===== Data for the task

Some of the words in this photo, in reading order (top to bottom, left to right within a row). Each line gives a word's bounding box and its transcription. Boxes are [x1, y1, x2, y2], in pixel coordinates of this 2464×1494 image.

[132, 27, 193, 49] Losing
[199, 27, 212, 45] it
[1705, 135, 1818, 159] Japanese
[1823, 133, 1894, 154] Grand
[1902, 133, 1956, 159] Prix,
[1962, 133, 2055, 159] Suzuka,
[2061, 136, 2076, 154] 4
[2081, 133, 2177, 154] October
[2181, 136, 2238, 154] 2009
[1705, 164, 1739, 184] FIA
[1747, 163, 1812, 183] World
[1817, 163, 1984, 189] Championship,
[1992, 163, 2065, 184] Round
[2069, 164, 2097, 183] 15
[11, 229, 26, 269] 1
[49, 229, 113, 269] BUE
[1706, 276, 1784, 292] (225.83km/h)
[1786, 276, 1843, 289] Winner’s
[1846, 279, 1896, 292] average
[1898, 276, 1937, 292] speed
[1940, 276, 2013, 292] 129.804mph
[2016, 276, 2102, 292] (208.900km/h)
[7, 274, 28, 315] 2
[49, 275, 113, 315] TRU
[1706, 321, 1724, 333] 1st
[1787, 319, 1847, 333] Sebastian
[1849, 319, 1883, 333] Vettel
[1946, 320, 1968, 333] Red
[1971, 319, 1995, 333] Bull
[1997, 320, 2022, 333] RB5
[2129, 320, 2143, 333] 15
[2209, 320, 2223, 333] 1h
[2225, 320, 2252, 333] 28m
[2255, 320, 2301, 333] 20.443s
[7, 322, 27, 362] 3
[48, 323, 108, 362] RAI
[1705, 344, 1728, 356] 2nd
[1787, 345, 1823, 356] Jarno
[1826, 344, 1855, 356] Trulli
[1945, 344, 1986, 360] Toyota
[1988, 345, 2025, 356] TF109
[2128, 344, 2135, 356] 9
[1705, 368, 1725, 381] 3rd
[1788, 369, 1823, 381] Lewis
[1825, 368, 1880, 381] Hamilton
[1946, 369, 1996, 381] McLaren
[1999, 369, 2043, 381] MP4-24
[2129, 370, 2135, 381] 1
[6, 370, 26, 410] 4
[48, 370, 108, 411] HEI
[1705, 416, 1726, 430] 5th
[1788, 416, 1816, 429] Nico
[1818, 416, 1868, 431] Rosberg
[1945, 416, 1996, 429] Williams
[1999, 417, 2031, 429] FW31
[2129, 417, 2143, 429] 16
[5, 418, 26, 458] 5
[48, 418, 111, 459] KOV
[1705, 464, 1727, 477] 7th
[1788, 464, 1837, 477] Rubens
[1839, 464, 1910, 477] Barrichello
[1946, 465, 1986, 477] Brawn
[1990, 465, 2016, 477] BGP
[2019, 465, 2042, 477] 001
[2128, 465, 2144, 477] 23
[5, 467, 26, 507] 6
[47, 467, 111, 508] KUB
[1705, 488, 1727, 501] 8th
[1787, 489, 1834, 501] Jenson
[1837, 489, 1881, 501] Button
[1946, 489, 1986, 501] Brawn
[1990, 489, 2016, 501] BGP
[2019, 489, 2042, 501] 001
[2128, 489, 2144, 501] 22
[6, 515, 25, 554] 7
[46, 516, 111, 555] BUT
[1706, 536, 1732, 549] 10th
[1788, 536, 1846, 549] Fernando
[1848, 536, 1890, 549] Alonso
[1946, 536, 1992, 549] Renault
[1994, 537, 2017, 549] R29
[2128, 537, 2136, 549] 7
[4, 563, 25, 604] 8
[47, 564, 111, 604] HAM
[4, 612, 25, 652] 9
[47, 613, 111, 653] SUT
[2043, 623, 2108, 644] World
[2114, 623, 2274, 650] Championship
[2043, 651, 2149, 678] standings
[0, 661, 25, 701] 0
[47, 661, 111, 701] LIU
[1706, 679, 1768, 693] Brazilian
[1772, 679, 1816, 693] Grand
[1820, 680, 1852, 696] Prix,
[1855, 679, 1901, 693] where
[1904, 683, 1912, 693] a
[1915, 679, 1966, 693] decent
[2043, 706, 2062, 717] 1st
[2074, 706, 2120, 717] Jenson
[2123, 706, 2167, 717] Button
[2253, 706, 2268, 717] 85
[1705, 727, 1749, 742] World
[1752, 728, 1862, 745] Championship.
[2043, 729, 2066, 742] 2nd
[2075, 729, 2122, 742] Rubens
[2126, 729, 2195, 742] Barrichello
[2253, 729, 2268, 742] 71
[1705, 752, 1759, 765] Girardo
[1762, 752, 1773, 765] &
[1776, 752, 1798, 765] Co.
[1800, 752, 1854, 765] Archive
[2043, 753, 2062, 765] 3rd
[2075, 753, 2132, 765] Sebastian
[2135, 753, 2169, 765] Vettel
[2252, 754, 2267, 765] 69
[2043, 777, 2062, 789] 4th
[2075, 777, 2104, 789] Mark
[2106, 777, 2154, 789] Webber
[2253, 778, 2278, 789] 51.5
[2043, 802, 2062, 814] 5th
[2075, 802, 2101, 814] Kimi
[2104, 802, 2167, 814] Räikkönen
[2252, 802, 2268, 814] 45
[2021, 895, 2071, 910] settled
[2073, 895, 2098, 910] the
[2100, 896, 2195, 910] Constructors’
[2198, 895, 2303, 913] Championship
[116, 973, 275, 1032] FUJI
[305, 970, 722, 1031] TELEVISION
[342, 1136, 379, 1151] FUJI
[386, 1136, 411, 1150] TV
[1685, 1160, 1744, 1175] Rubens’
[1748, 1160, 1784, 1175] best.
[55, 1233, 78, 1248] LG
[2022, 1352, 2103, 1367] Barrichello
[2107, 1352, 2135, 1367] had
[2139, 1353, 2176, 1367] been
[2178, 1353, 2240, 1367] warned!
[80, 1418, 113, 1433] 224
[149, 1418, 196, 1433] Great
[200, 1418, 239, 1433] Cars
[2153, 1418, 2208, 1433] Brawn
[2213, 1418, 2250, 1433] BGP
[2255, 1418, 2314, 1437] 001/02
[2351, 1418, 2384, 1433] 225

==========

## Your assignment
Transcribe every record above exactly as it appears.

## Written solution
Some of the words in this photo, in reading order (top to bottom, left to right within a row). Each line gives a word's bounding box and its transcription. Boxes are [x1, y1, x2, y2], in pixel coordinates of this 2464×1494 image.

[132, 27, 193, 49] Losing
[199, 27, 212, 45] it
[1705, 135, 1818, 159] Japanese
[1823, 133, 1894, 154] Grand
[1902, 133, 1956, 159] Prix,
[1962, 133, 2055, 159] Suzuka,
[2061, 136, 2076, 154] 4
[2081, 133, 2177, 154] October
[2181, 136, 2238, 154] 2009
[1705, 164, 1739, 184] FIA
[1747, 163, 1812, 183] World
[1817, 163, 1984, 189] Championship,
[1992, 163, 2065, 184] Round
[2069, 164, 2097, 183] 15
[11, 229, 26, 269] 1
[49, 229, 113, 269] BUE
[1706, 276, 1784, 292] (225.83km/h)
[1786, 276, 1843, 289] Winner’s
[1846, 279, 1896, 292] average
[1898, 276, 1937, 292] speed
[1940, 276, 2013, 292] 129.804mph
[2016, 276, 2102, 292] (208.900km/h)
[7, 274, 28, 315] 2
[49, 275, 113, 315] TRU
[1706, 321, 1724, 333] 1st
[1787, 319, 1847, 333] Sebastian
[1849, 319, 1883, 333] Vettel
[1946, 320, 1968, 333] Red
[1971, 319, 1995, 333] Bull
[1997, 320, 2022, 333] RB5
[2129, 320, 2143, 333] 15
[2209, 320, 2223, 333] 1h
[2225, 320, 2252, 333] 28m
[2255, 320, 2301, 333] 20.443s
[7, 322, 27, 362] 3
[48, 323, 108, 362] RAI
[1705, 344, 1728, 356] 2nd
[1787, 345, 1823, 356] Jarno
[1826, 344, 1855, 356] Trulli
[1945, 344, 1986, 360] Toyota
[1988, 345, 2025, 356] TF109
[2128, 344, 2135, 356] 9
[1705, 368, 1725, 381] 3rd
[1788, 369, 1823, 381] Lewis
[1825, 368, 1880, 381] Hamilton
[1946, 369, 1996, 381] McLaren
[1999, 369, 2043, 381] MP4-24
[2129, 370, 2135, 381] 1
[6, 370, 26, 410] 4
[48, 370, 108, 411] HEI
[1705, 416, 1726, 430] 5th
[1788, 416, 1816, 429] Nico
[1818, 416, 1868, 431] Rosberg
[1945, 416, 1996, 429] Williams
[1999, 417, 2031, 429] FW31
[2129, 417, 2143, 429] 16
[5, 418, 26, 458] 5
[48, 418, 111, 459] KOV
[1705, 464, 1727, 477] 7th
[1788, 464, 1837, 477] Rubens
[1839, 464, 1910, 477] Barrichello
[1946, 465, 1986, 477] Brawn
[1990, 465, 2016, 477] BGP
[2019, 465, 2042, 477] 001
[2128, 465, 2144, 477] 23
[5, 467, 26, 507] 6
[47, 467, 111, 508] KUB
[1705, 488, 1727, 501] 8th
[1787, 489, 1834, 501] Jenson
[1837, 489, 1881, 501] Button
[1946, 489, 1986, 501] Brawn
[1990, 489, 2016, 501] BGP
[2019, 489, 2042, 501] 001
[2128, 489, 2144, 501] 22
[6, 515, 25, 554] 7
[46, 516, 111, 555] BUT
[1706, 536, 1732, 549] 10th
[1788, 536, 1846, 549] Fernando
[1848, 536, 1890, 549] Alonso
[1946, 536, 1992, 549] Renault
[1994, 537, 2017, 549] R29
[2128, 537, 2136, 549] 7
[4, 563, 25, 604] 8
[47, 564, 111, 604] HAM
[4, 612, 25, 652] 9
[47, 613, 111, 653] SUT
[2043, 623, 2108, 644] World
[2114, 623, 2274, 650] Championship
[2043, 651, 2149, 678] standings
[0, 661, 25, 701] 0
[47, 661, 111, 701] LIU
[1706, 679, 1768, 693] Brazilian
[1772, 679, 1816, 693] Grand
[1820, 680, 1852, 696] Prix,
[1855, 679, 1901, 693] where
[1904, 683, 1912, 693] a
[1915, 679, 1966, 693] decent
[2043, 706, 2062, 717] 1st
[2074, 706, 2120, 717] Jenson
[2123, 706, 2167, 717] Button
[2253, 706, 2268, 717] 85
[1705, 727, 1749, 742] World
[1752, 728, 1862, 745] Championship.
[2043, 729, 2066, 742] 2nd
[2075, 729, 2122, 742] Rubens
[2126, 729, 2195, 742] Barrichello
[2253, 729, 2268, 742] 71
[1705, 752, 1759, 765] Girardo
[1762, 752, 1773, 765] &
[1776, 752, 1798, 765] Co.
[1800, 752, 1854, 765] Archive
[2043, 753, 2062, 765] 3rd
[2075, 753, 2132, 765] Sebastian
[2135, 753, 2169, 765] Vettel
[2252, 754, 2267, 765] 69
[2043, 777, 2062, 789] 4th
[2075, 777, 2104, 789] Mark
[2106, 777, 2154, 789] Webber
[2253, 778, 2278, 789] 51.5
[2043, 802, 2062, 814] 5th
[2075, 802, 2101, 814] Kimi
[2104, 802, 2167, 814] Räikkönen
[2252, 802, 2268, 814] 45
[2021, 895, 2071, 910] settled
[2073, 895, 2098, 910] the
[2100, 896, 2195, 910] Constructors’
[2198, 895, 2303, 913] Championship
[116, 973, 275, 1032] FUJI
[305, 970, 722, 1031] TELEVISION
[342, 1136, 379, 1151] FUJI
[386, 1136, 411, 1150] TV
[1685, 1160, 1744, 1175] Rubens’
[1748, 1160, 1784, 1175] best.
[55, 1233, 78, 1248] LG
[2022, 1352, 2103, 1367] Barrichello
[2107, 1352, 2135, 1367] had
[2139, 1353, 2176, 1367] been
[2178, 1353, 2240, 1367] warned!
[80, 1418, 113, 1433] 224
[149, 1418, 196, 1433] Great
[200, 1418, 239, 1433] Cars
[2153, 1418, 2208, 1433] Brawn
[2213, 1418, 2250, 1433] BGP
[2255, 1418, 2314, 1437] 001/02
[2351, 1418, 2384, 1433] 225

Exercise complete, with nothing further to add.